The only thing I need to emphasize here, which I’ll clarify later, is that these concepts have nothing to do with the “galactic alignment” astronomy that is demonstrably embedded in the Maya Creation Mythology and other traditions. The galactic alignment and galactic synchronization are not at all the same thing. I was adamant about the distinction from the get-go, and for more than a decade have clarified the issue in my books, on my website, and in interviews. 16Unfortunately, today the concepts are still frequently confused, to the detriment of understanding a key concept of ancient Maya cosmology that demonstrably relates to 2012. In addition, the galactic alignment concept as I have defined it has been retroactively adopted by or applied to Argüelles and others, even though there is no mention of it in their previous books. 17
In a 1991 article I wrote (reprinted in my 1992 book Tzolkin: Visionary Perspectives and Calendar Studies ), I took an open-minded position on the larger visionary work that Argüelles was doing and defended the role of the mythmaker in our society, especially at critical ideological junctures like the one we find ourselves in:
The role of the myth-makers is hard to understand. They seem to break with tradition and flaunt a speculative certainty; they seem just one step up from a raving maniac or doomsayer… The myth-maker recognizes the end as a new beginning and starts to formulate the new values and myths to serve the changing needs of humanity. A myth maker is a living oracle for the vaguely sensed needs of a people undergoing transformation. It is a time to create the future, not arbitrarily or according to one person’s agenda, but based on collective need; the “new world order” in a sense “congeals” or crystallizes from the field of human unfolding. A myth-maker facilitates this birth by naming what’s happening. 18
And Argüelles is without doubt a mythmaker. But I also knew that a free-form kind of mythmaking can be dangerous—especially if it develops into a self-referential system divorced from traditional principles (in this instance, the facts of the Maya calendar), dislocating rather than illuminating the core ideas. It then makes a gamble for being a “new dispensation” or falls off as an irrelevant sideshow.
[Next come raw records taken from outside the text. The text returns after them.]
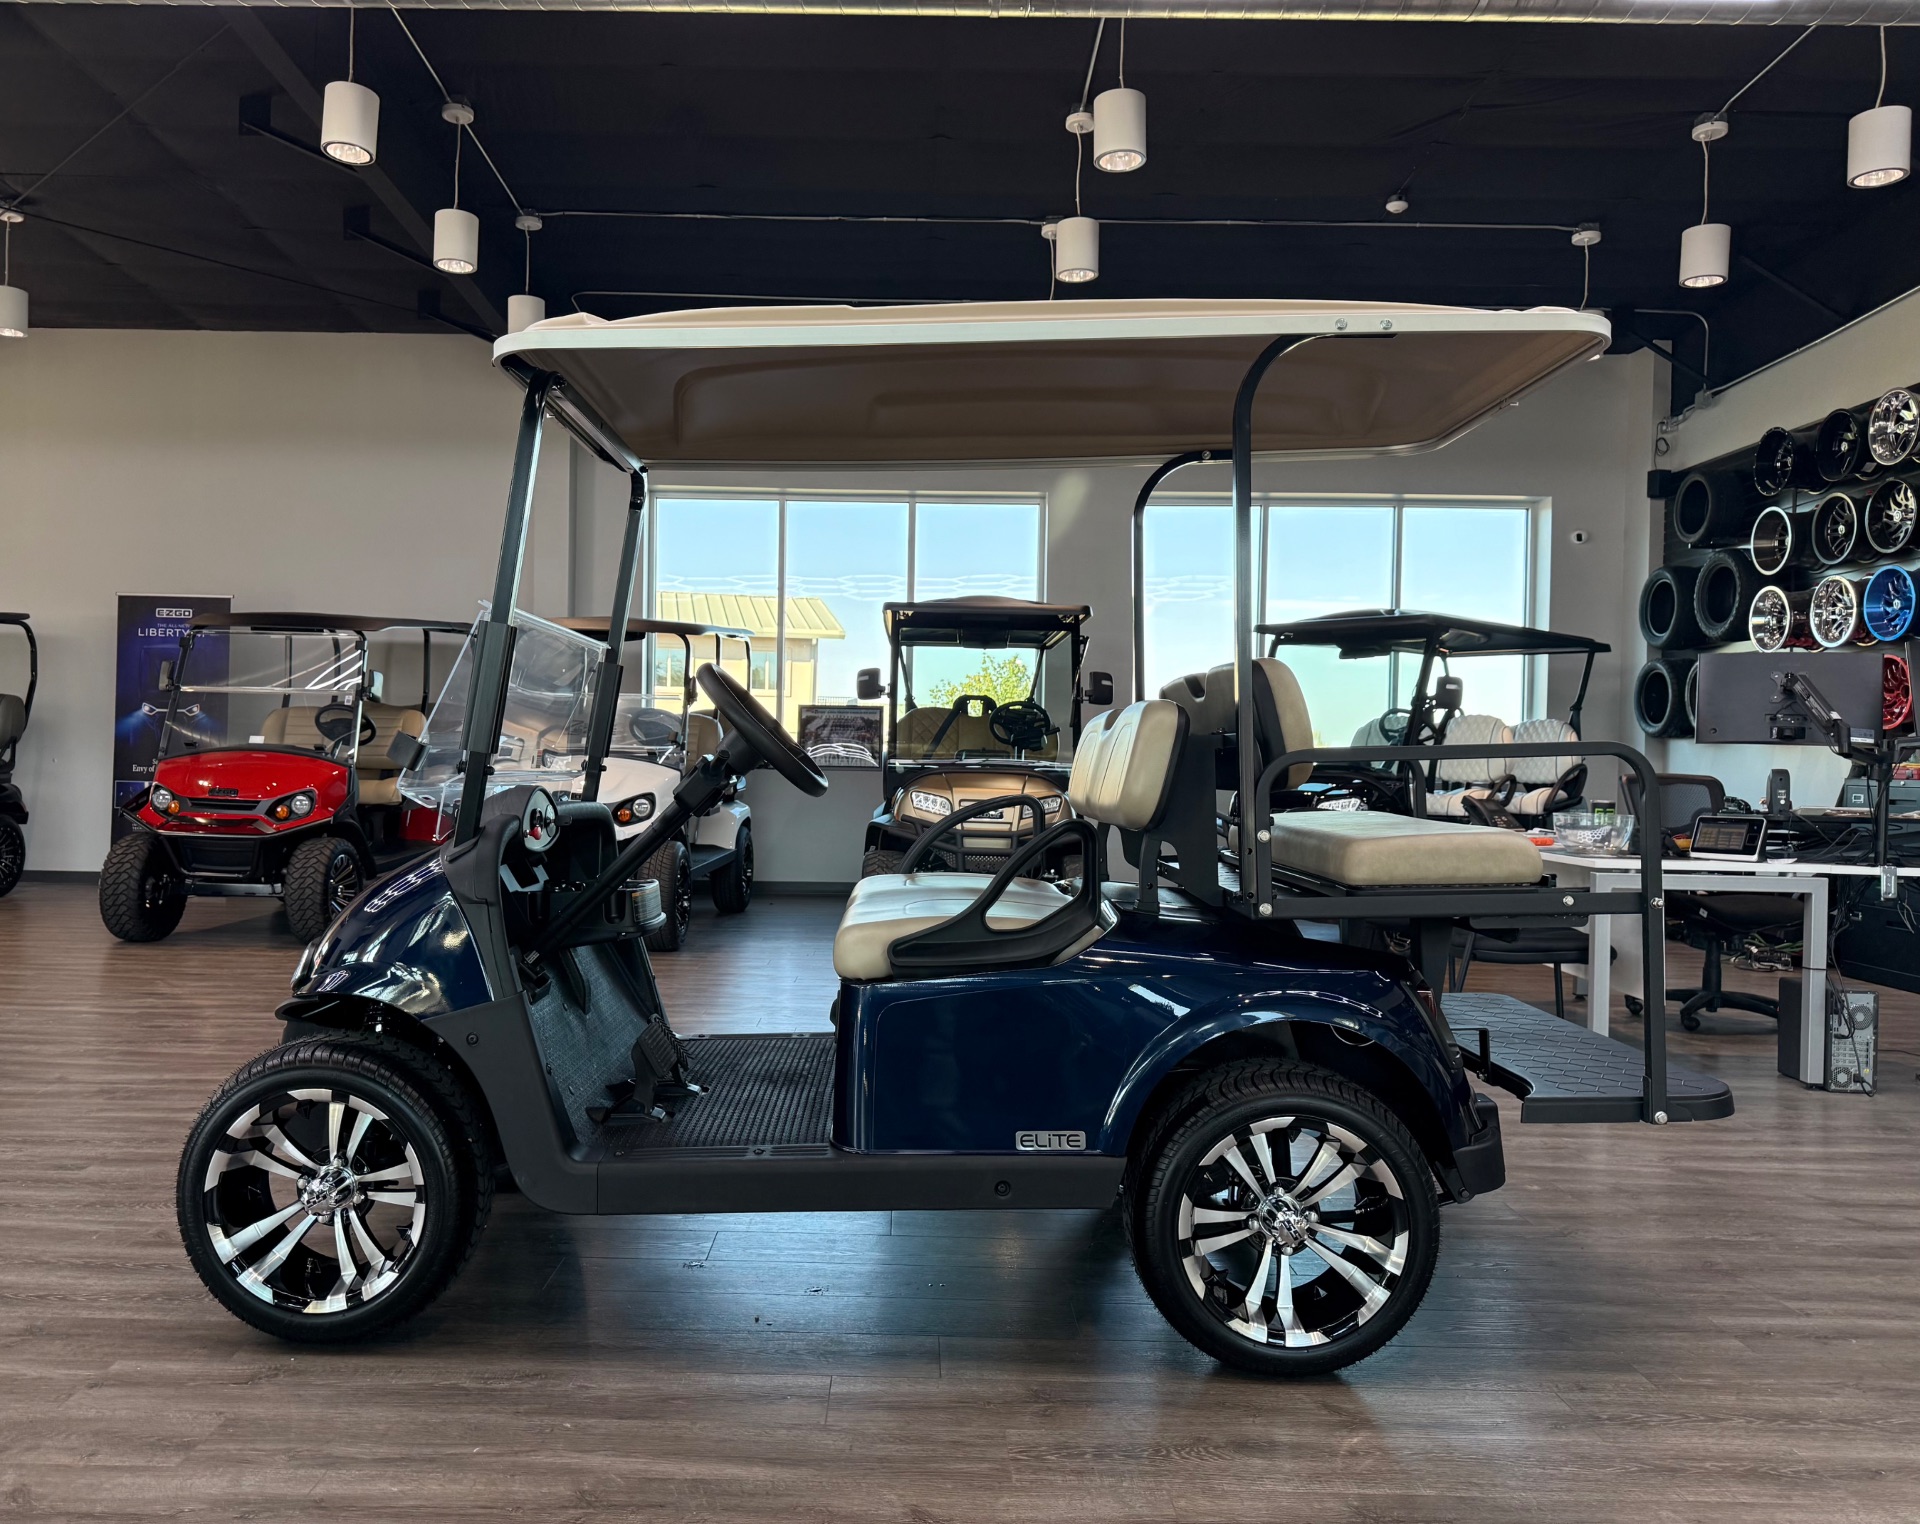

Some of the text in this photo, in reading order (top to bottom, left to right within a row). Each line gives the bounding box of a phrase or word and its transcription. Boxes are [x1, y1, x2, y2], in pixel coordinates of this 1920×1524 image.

[157, 609, 192, 617] EZGO
[138, 628, 190, 637] LIBERTY
[132, 764, 148, 774] Envy
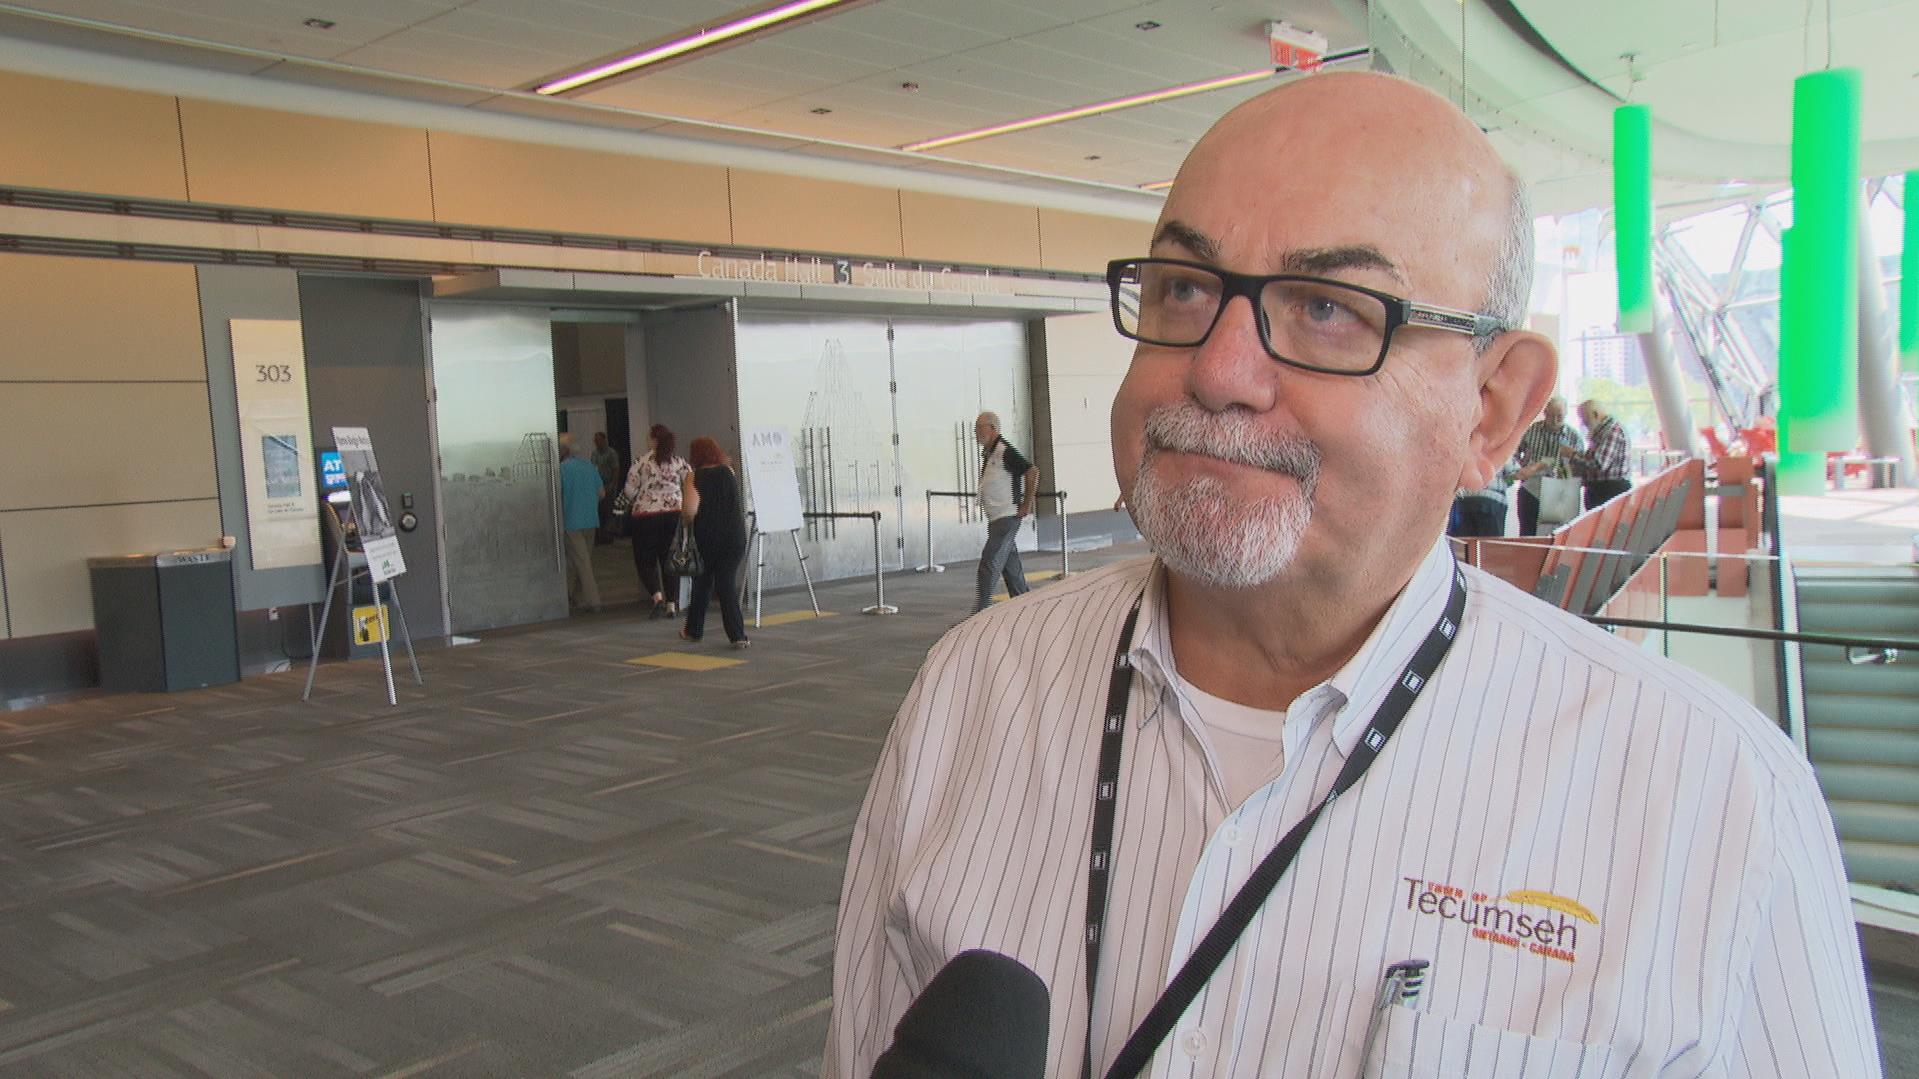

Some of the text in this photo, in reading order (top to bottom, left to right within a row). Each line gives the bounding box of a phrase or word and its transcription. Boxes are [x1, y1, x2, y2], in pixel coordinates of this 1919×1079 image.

[697, 250, 778, 282] Canada
[836, 258, 850, 286] 3
[255, 364, 292, 383] 303
[1403, 877, 1577, 949] Tecumseh
[1529, 942, 1575, 962] CANADA
It can grow as a new dispensation only if it has a clear channel into universal wisdom, or Truth (with a capital T in the theological sense of that which is rooted in the higher spiritual wisdom).
By 1991 Argüelles’s nascent Dreamspell group promoted July 26, 1992, as the next Harmonic Convergence, a date that would supposedly signal the beginning of the final Katun (20-year period) of the Great Cycle of 13 Baktuns. July 26 was presented as New Year’s Day, to be celebrated right after the “day out of time,” July 25, which was a necessary fudge factor in order to incorporate the 364-day 13-moon calendar (another component of the Dreamspell system). If this all sounds complicated and contrived, as well as not recognizable as having much to do with the real Maya calendar, it is and it doesn’t. And it’s just the tip of a very messy iceberg.